15 Eylül 2010

Şeker Bayramı

     Kızımın bu kadar bilinçli olduğu ilk bayramdı. Bundan sonra her bayram daha da eğlenceli gelecek ona.

     Bayramdan 1-2 gün önce bayramlık aldık. Ada'ya bayram alışverişine çıkarken "annecim bak yarın bayram ve el öpeceğiz, şeker yiyeceğiz" dedim. "anne 23 Nisan mı?" dedi. Nurturia ile 23 Nisan'ı hep beraber kutlamıştık. Ada bu olayı o kadar sevmiş ki aklında o kalmış. eee diye kaldım. "yok annecim bu ramazan bayramı istersek şeker bayramı da diyebiliriz. Bu da başka bayram" dedim. Tabii Ada "ben şeker bayramı diyeceğim anne" dedi.  O sırada yanımızdan bir teyze geçiyordu "ooo senin daha çok uzun ömrün var öğrenirsin hepsini" dedi.     

     Alışveriş sırasında özellikle Ada bir ayakkabı sever olarak yine ayakkabılarını kendisi seçti. Ayakkabıların biri lame diğeri ise kenarında fiyonk olan pembe bir bot. O kadar bayıldı ki alırken. Ada zaten hep böyle, kıyafet alırken o kadar ilgilenmez ama sıra ayakkabıya gelince iş değişiyor ve çanta :) Ayakkabılarını alır almaz "giyeyim" dedi." Yok olmaz bayramda" dedik. Botlar ve ayakkabılar cırtlı bir baktık kendisi öyle güzel giymiş gelmiş ki çok şaşırdım, duygulandım. Gözümün önünde büyüyor. Bu arada cırtlar mutlaka üst üste gelecek kenarda beyaz kısmı görünüyorsa açılıp tekrar düzeltiliyor.
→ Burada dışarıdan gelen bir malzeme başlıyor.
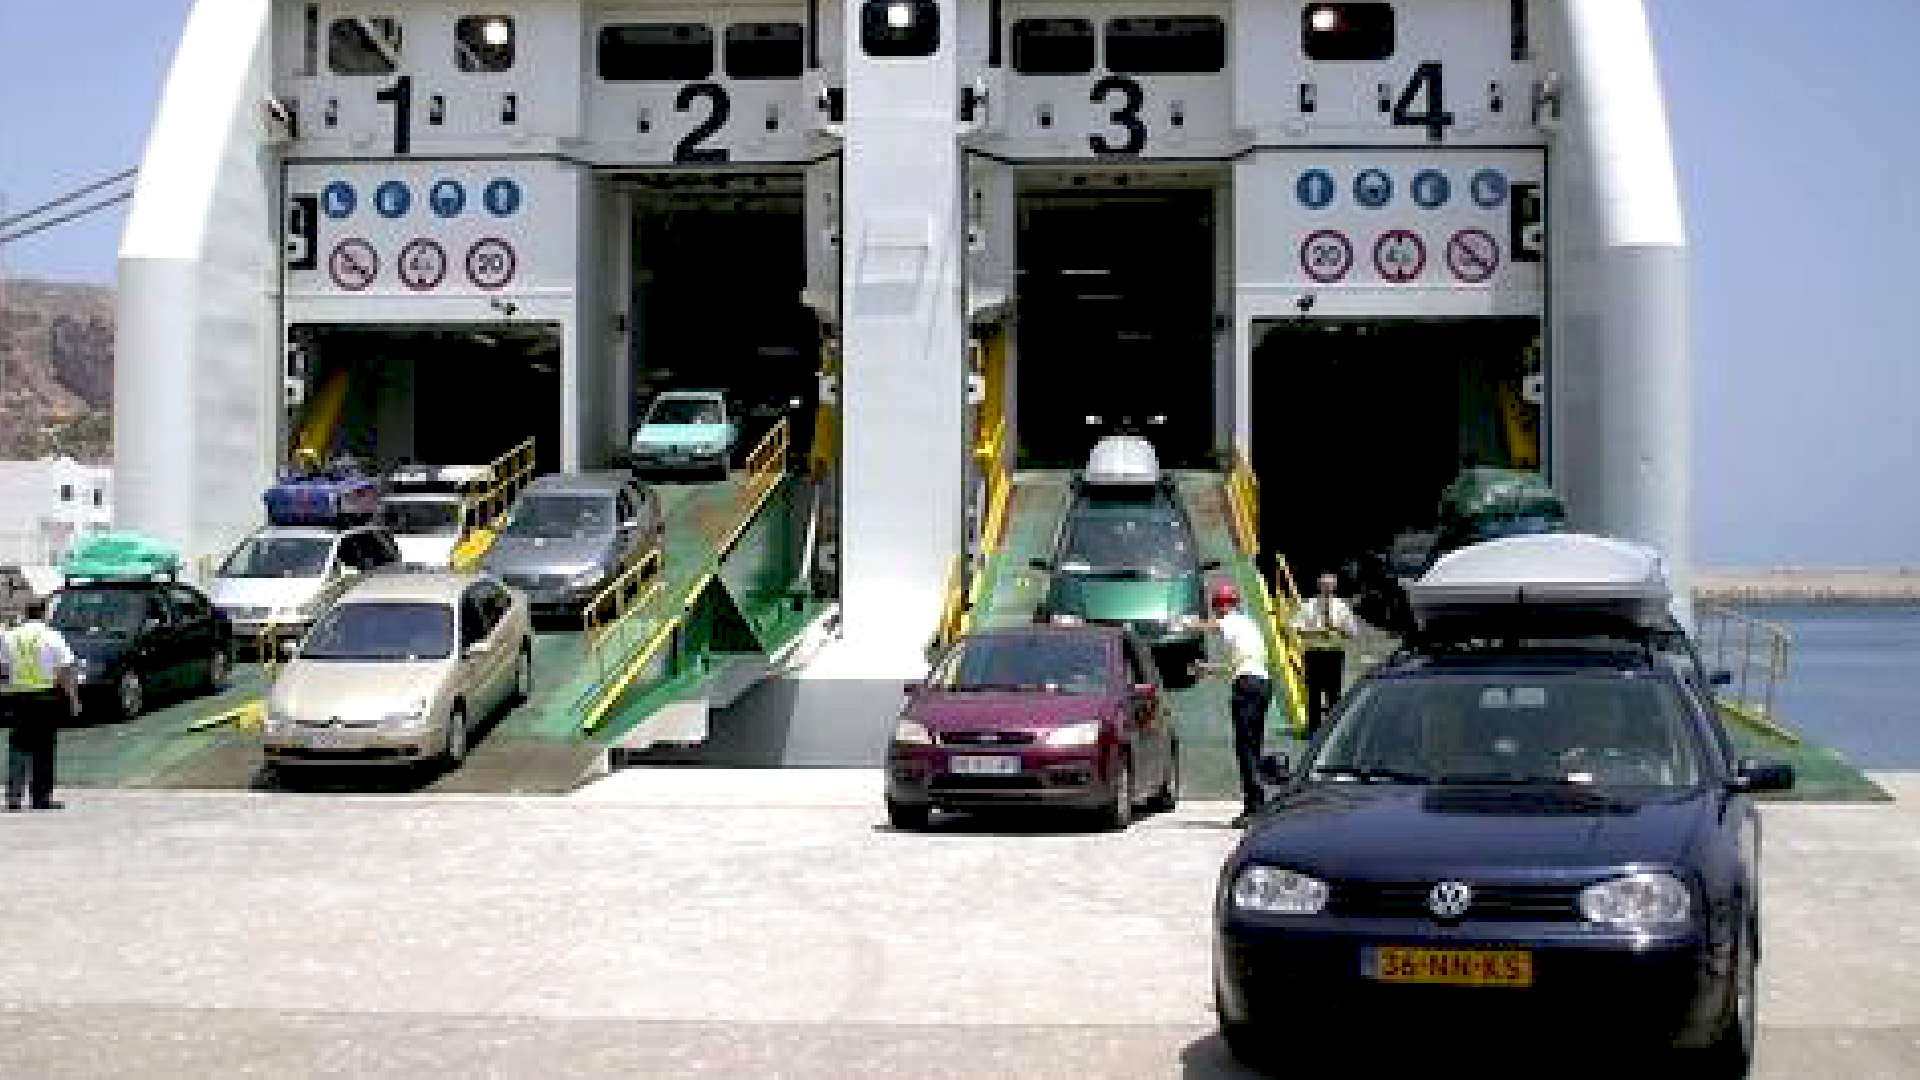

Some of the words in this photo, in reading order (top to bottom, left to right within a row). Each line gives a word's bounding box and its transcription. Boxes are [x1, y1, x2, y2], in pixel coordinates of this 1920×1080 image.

[377, 76, 410, 154] 1
[674, 82, 731, 163] 2
[1089, 76, 1147, 154] 3
[1391, 63, 1455, 141] 4
[478, 253, 504, 274] 20
[1313, 245, 1341, 267] 20
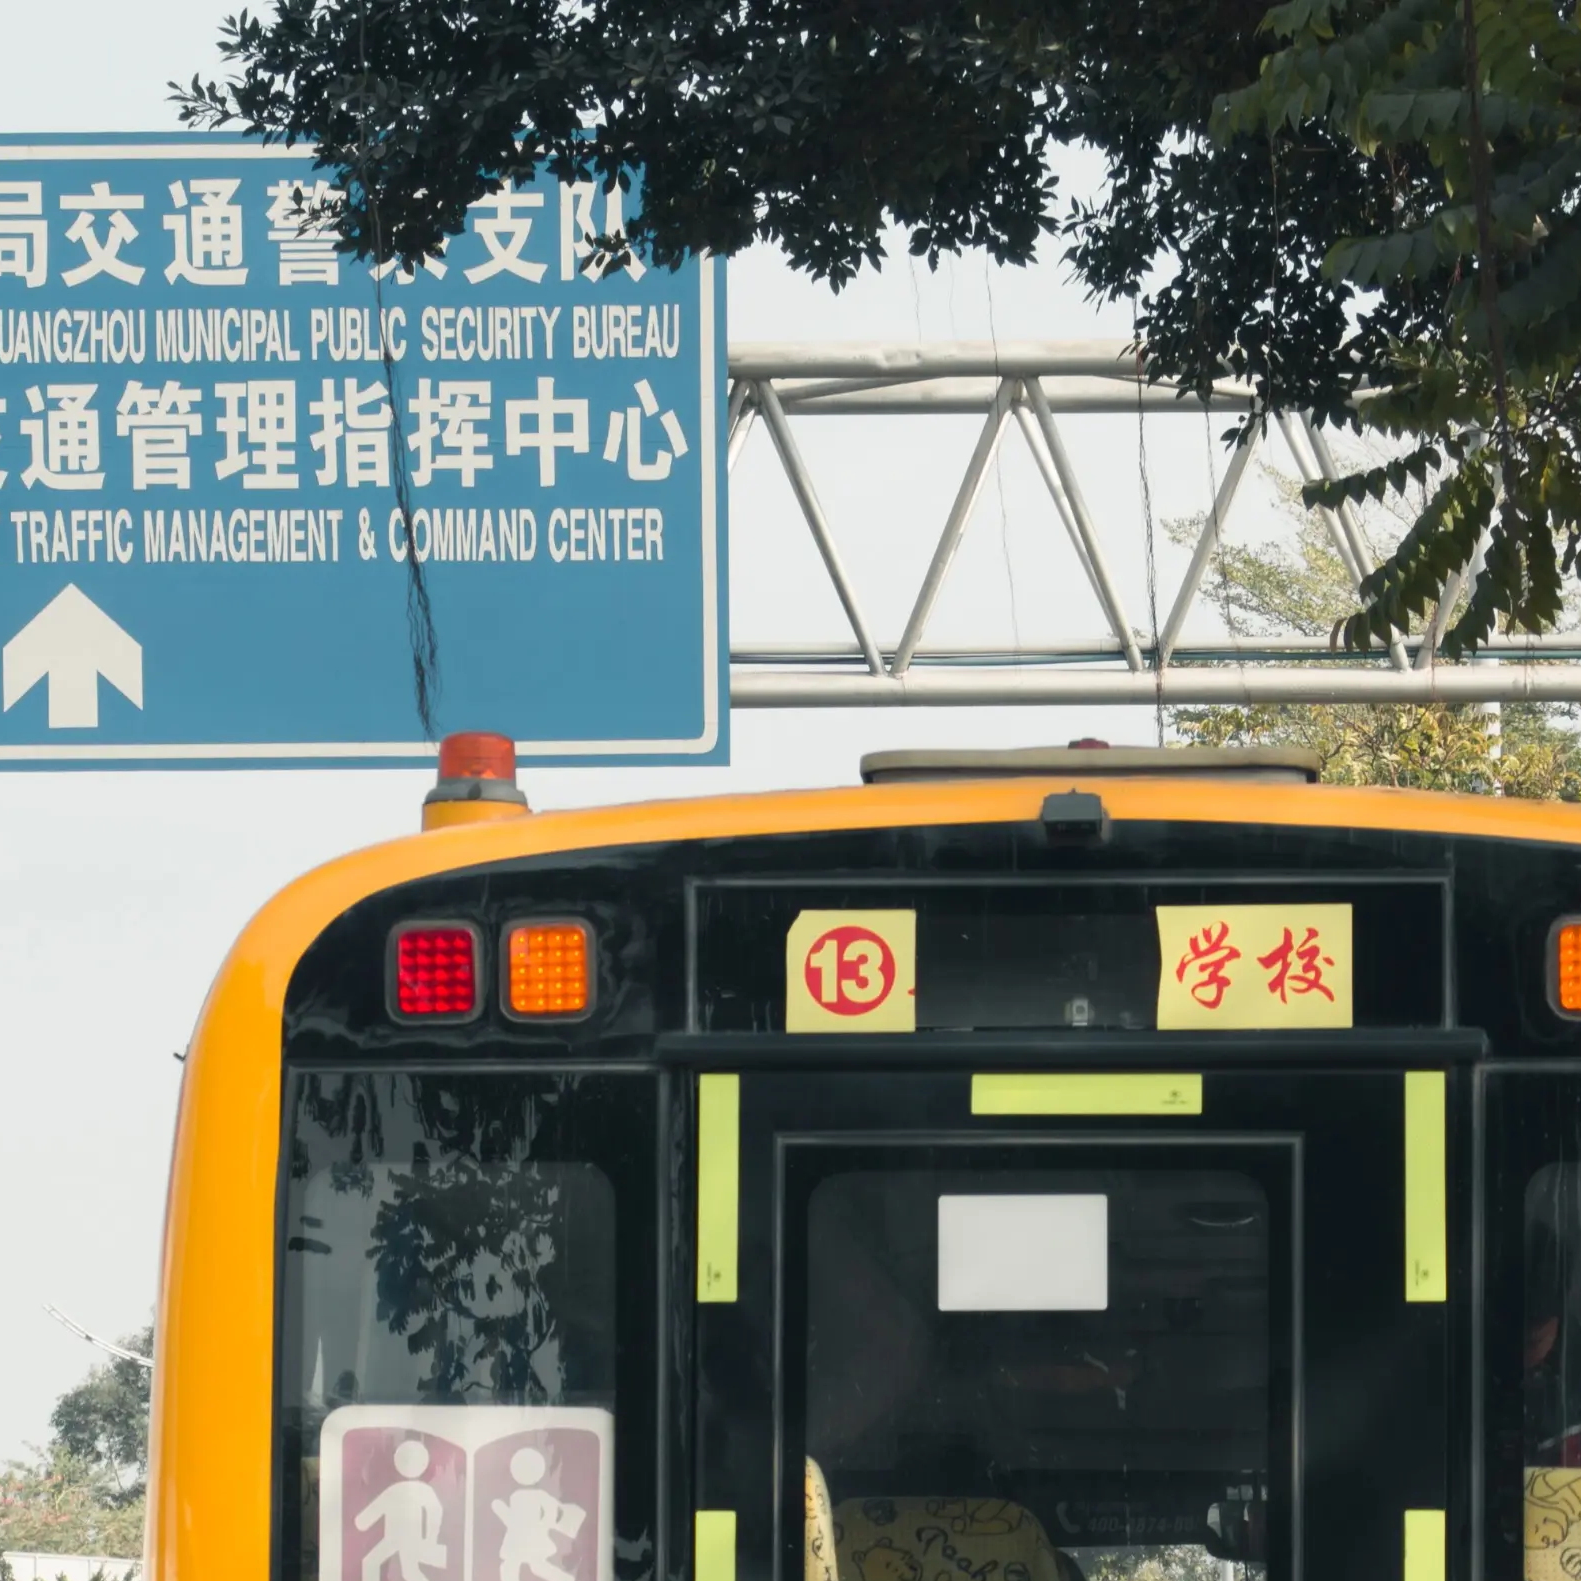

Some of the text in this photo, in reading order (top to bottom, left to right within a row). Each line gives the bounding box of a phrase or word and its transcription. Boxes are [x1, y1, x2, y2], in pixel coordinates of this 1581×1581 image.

     Bayram sabahı olduğunda ananeye giderken eşofmanların altına giymek istedi. "bayramda giyecektik bayram oldu" dedi. Sonra kendi kendine vazgeçti "anne ben bunları dışarıda giyersem ananemin evinde bunlarla gezemem. En iyisi ben bunları ananemin evinde giyeyim" dedi. :)



     Ananemize gittik kahvaltımızı ettik. El öptük, bayram harçlıklarını cebine koyduk. Kendi parası olması o kadar hoşuna gitti ki. Babası ile karar verdik bu bayram topladığı bayram harçlıkları ile istediği gibi oyuncak alabilecekti. Ve uyguladık ta. 2. günü bir oyuncakçı yağmaladık. Ada çok mutlu oldu. Alışkanlık bu ya "sadece bunu alıcam di mi? diyor. "Senin bayram harçlıkların paran yetiyorsa al" dedik. 3-5 şey aldı ve o kadar mutlu oldu ki.
    
     Bayram benim içinde şeker ve harçlıktı. Harçlık bitti eski tadı kalmadı. Şimdi Ada'ya bayram coşkusu yaşasın diye tüm ritüelleri gerçekleştirmeye çalışıyoruz. Bayramlık, bayram namazı, ananede tüm aile yapılan kahvaltı ardından bayramlıkları giyip el öpme ve şeker, harçlık. Sonra gelen misafirleri ağırlama ve misafirliğe gitme (en sevmediğim kısmı da bu). Ada misafirlere çikolata tuttu ama daha önce çikolata almış olanlara vermedi. "Sen demin yemiştin alamazsın" diyerek. :)

     En güzeli ve Ada'yı en mutlu edeni ise babası 5 gün boyunca yanındaydı. Dün sabah baba işe gitti Ada uyandı. Yani rüya bitti. "ama ben bir tek seni istemiyordum. Babamla halamı da istiyordum." "Baban işe gitti kızım tatil bitti ama akşam gelecek hafta sonu da evde olacak" "hayır ama ben babamı uyandıracaktım" üüüfff keşke iş olmasa bir yerlerden para gelse sürekli kızım babasıyla doya doya vakit geçirse.
    
     Bir bayramda böyle geçti gitti. Darısı 9 günlük kurban bayramının başına aile
cek dört gözle bekliyoruz.    
  

Boya küpü ADA
Not: Önemli bir kısmı atlamışım. Bayramın 1.günü ben makyaj yaparken küçük kuzumunda makyaj yapmasına izin verdim. Bayıldı bayıldı. Bir ara ruju kendisi sürmeye kalktı. Tabii her çocuk gibi ağzı burnu bir birine karıştı. Ama çok şirindi.